Morgan and colleagues [1] noted an association between elevations in the mean corpuscular volume and the development of toxicity to the folic acid antagonist methotrexate in patients with rheumatoid arthritis. Although such a correlation has been independently reported [2], there are potential pitfalls in relying on elevations in the mean corpuscular volume to indicate incipient methotrexate toxicity. Even in conditions typically characterized by macrocytosis, the mean corpuscular volume may be within the normal range in the presence of intercurrent conditions, such as iron deficiency, which predispose patients to microcytosis. Although determination of vitamin levels would be informative, a more cost-effective approach may be available.
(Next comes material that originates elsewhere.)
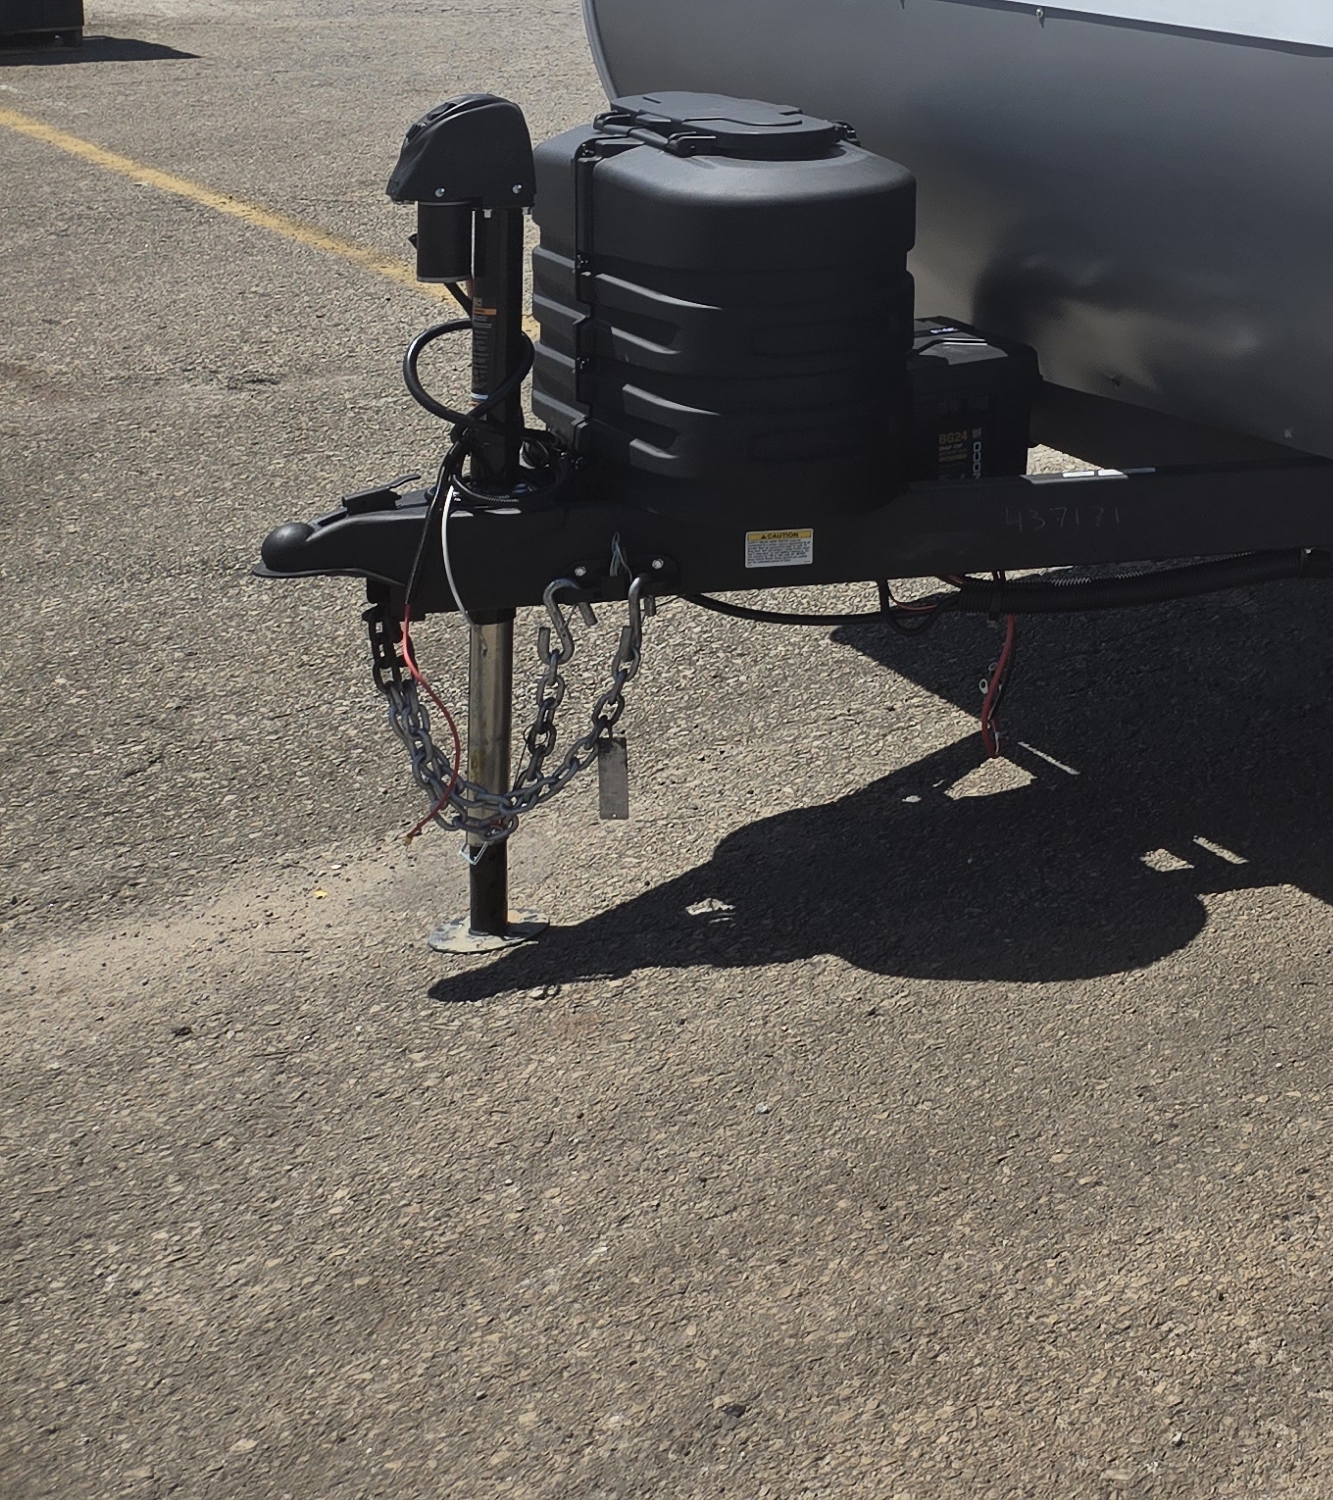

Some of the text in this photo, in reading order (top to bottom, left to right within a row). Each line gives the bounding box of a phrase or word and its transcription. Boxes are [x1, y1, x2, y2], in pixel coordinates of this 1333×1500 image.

[938, 429, 969, 445] BG24
[1004, 504, 1121, 534] 437171
[768, 531, 799, 540] CAUTION
Price-Jones [3] previously noted not only that the erythrocyte diameter increased in patients with pernicious anemia but also that the coefficient of variation in the erythrocyte size was twice that of normal erythrocytes. Currently, information on variation in erythrocyte volume is routinely provided in the automated complete blood count as the red cell distribution width (RDW). Combined analysis of the RDW (a measure of anisocytosis) and the mean corpuscular volume provide a useful approach to the differential diagnosis of anemia [4]. Moreover, elevations in the RDW often precede changes in the mean corpuscular volume or hemoglobin level [5]. An elevated RDW may be the only abnormality evident during the early stages of a nutritional deficiency and may be the most reliable indicator of mixed anemia. Thus, an elevated RDW might be a useful, early marker of the potential for impending methotrexate toxicity. Because the RDW is part of the routine complete blood count, such an approach would be cost-effective. We therefore suggest that the RDW be serially monitored in patients with rheumatoid arthritis who are receiving methotrexate. Elevations in the RDW may necessitate a change in the methotrexate or folate doses used, along with heightened vigilance for methotrexate toxicity.